Project 435913

Scleroderma or systemic sclerosis (scleroderma) is a complex rheumatoid disease that is characterized by defective immune system function, blood vessel damage and scarring (fibrosis) of the skin and internal organs. Fibrosis is a prominent feature of scleroderma and involves excessive production of extracellular matrix proteins, such as collagen and fibronectin, leading to disruption of normal tissue structure and eventually organ failure. Fibrosis has a significant impact on the quality of life of scleroderma patients and much research effort has been put towards developing therapies that can block or reverse fibrosis. Transforming growth factor-beta (TGF-beta) is a protein produced by cells of the body that is important for the development and maintenance of healthy tissues. Abnormal stimulation of TGF-beta action is thought to be involved in many fibrotic disorders including scleroderma. We have identified a protein named CD109 that binds to TGF-beta and neutralizes its biological activity in human skin cells. We have generated a shorter version of the CD109 protein (a CD109-based peptide) and found that this shorter version or peptide can reduce fibrosis in skin and lung cells.
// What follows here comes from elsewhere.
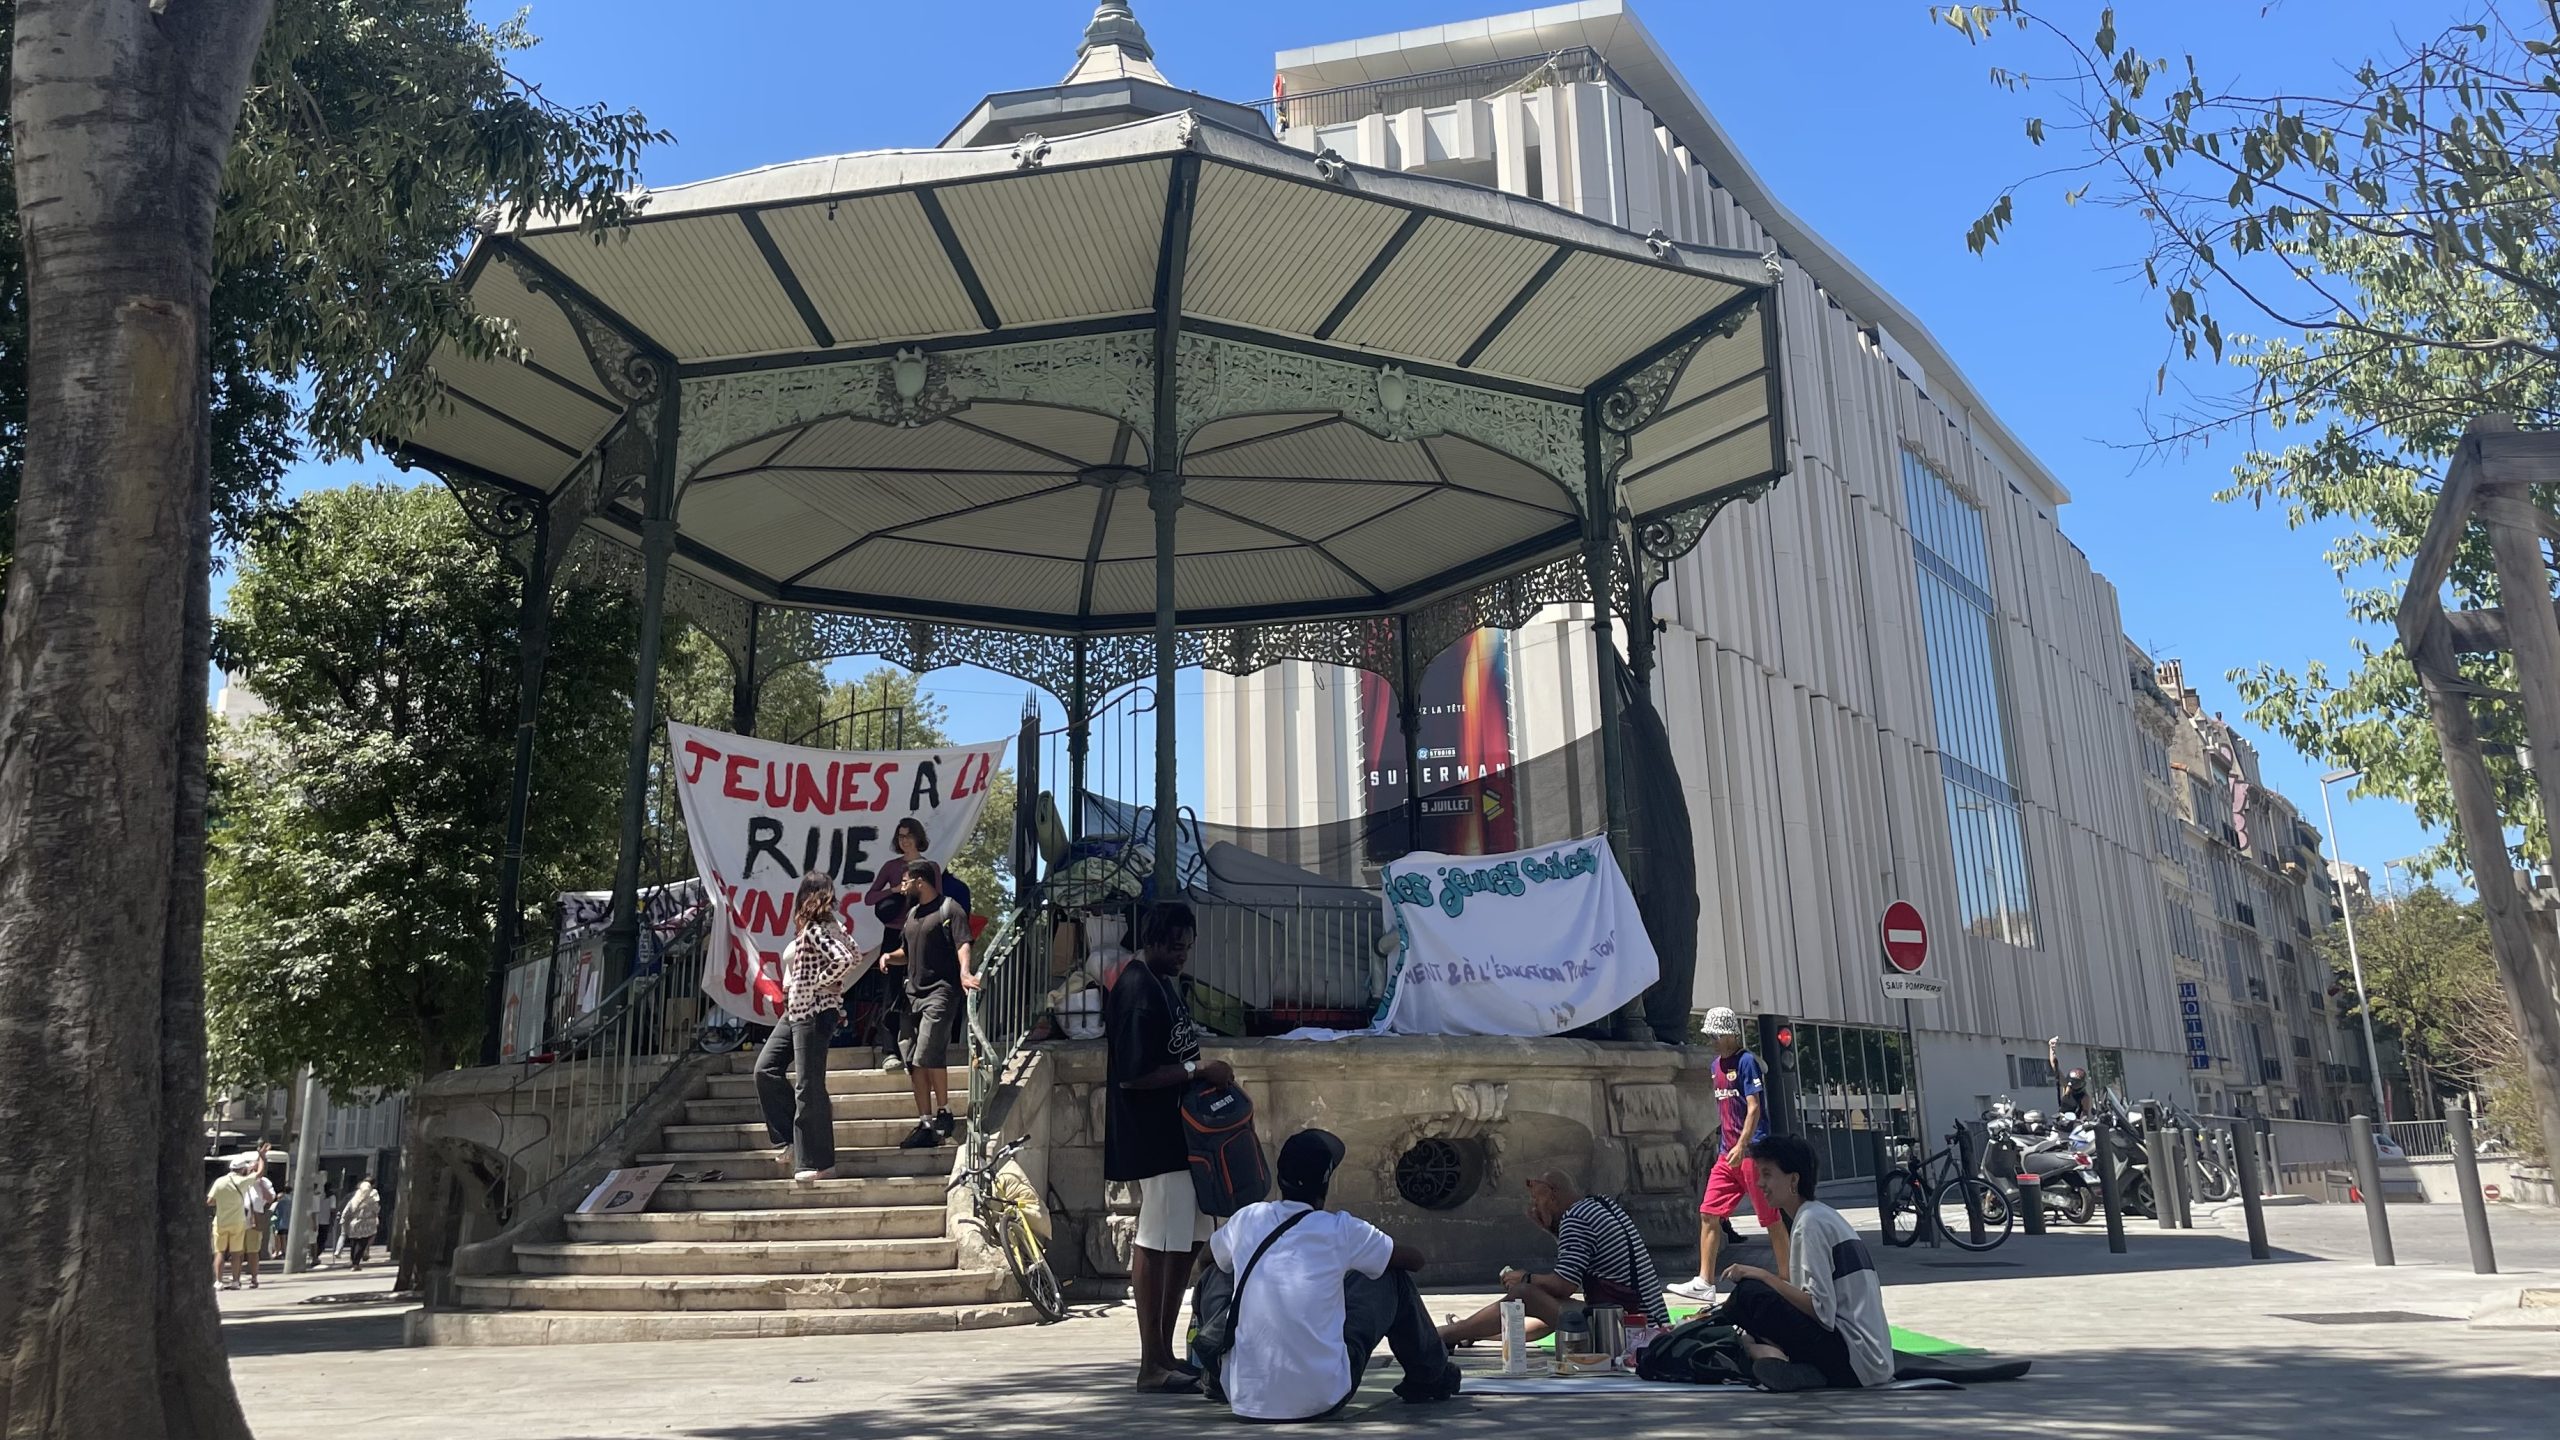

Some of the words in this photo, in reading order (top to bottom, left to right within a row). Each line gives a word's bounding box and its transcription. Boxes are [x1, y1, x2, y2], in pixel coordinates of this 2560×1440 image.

Our research goal is to characterize the above peptide molecule to determine its potential to reduce experimental fibrosis in human skin and lung tissue donated by scleroderma patients and in animal models of scleroderma, and to understand how (mechanism by which) this molecule reduces fibrosis. The proposed research will allow us to assess the potential this molecule to decrease or block fibrosis in scleroderma patients. The results from the proposed work may also have application to reduce fibrosis in other organs such as the kidney and liver.